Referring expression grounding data
* * * *
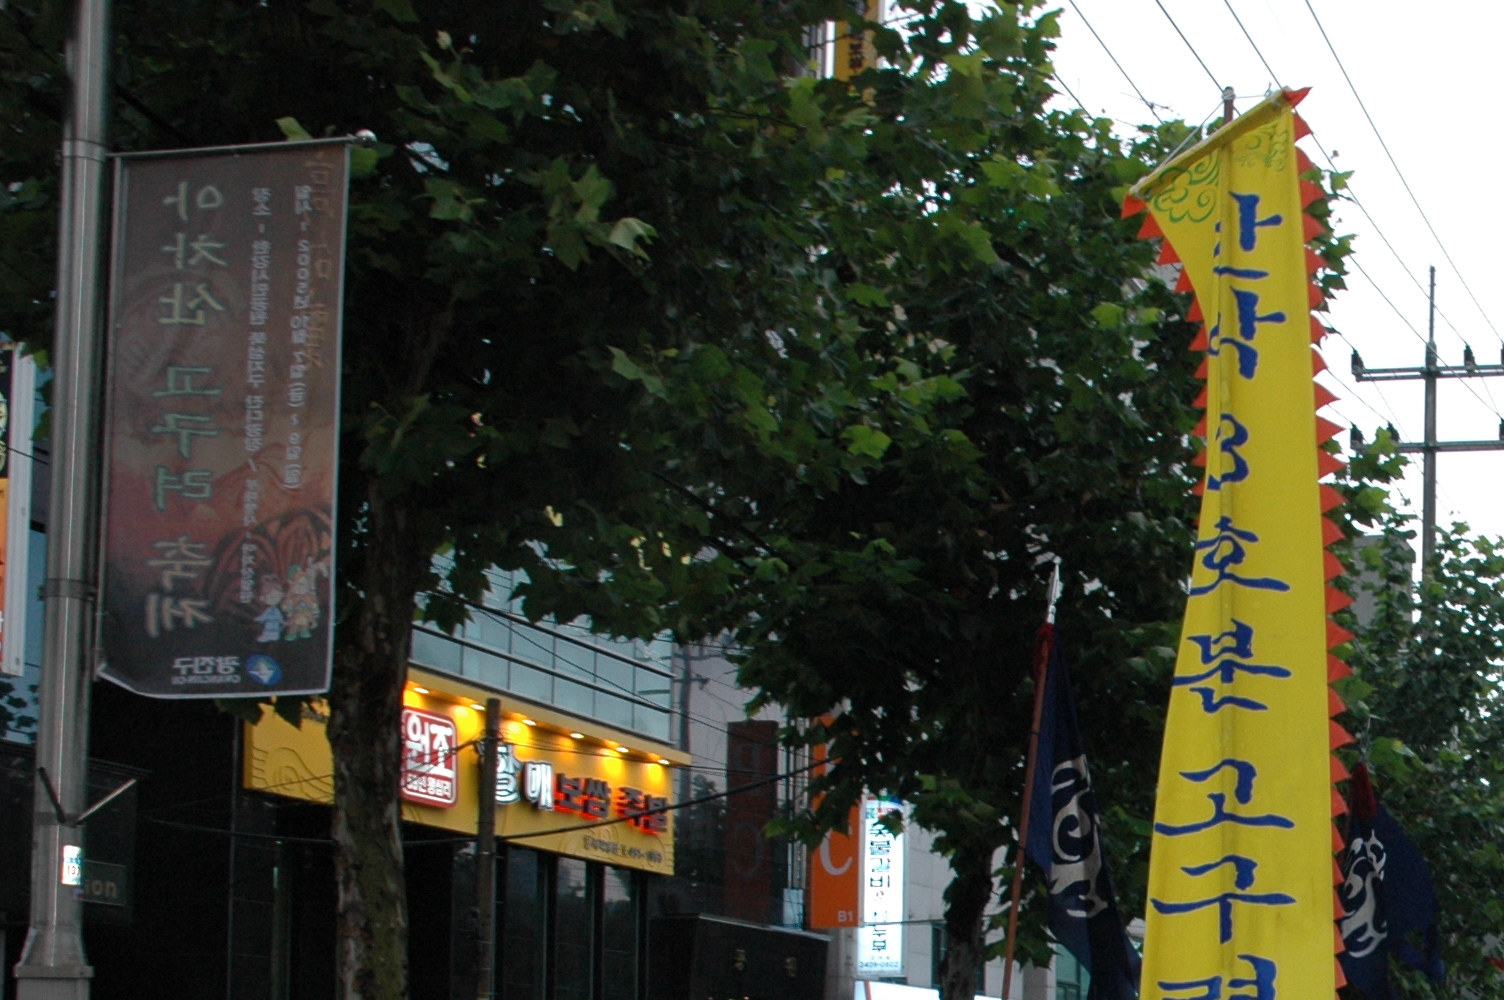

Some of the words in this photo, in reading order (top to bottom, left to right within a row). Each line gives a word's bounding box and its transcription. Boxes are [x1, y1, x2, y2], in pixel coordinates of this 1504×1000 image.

[404, 713, 455, 779] 원조
[555, 772, 611, 819] 보쌈
[617, 786, 668, 833] 족발
[837, 909, 854, 922] B1
* * * *
→ **Task item**
The records above need retyping in full. Omit the pictures, and change nothing else.

→ **Solution to the problem**
Some of the words in this photo, in reading order (top to bottom, left to right within a row). Each line gives a word's bounding box and its transcription. Boxes are [x1, y1, x2, y2], in pixel coordinates of this 1504×1000 image.

[404, 713, 455, 779] 원조
[555, 772, 611, 819] 보쌈
[617, 786, 668, 833] 족발
[837, 909, 854, 922] B1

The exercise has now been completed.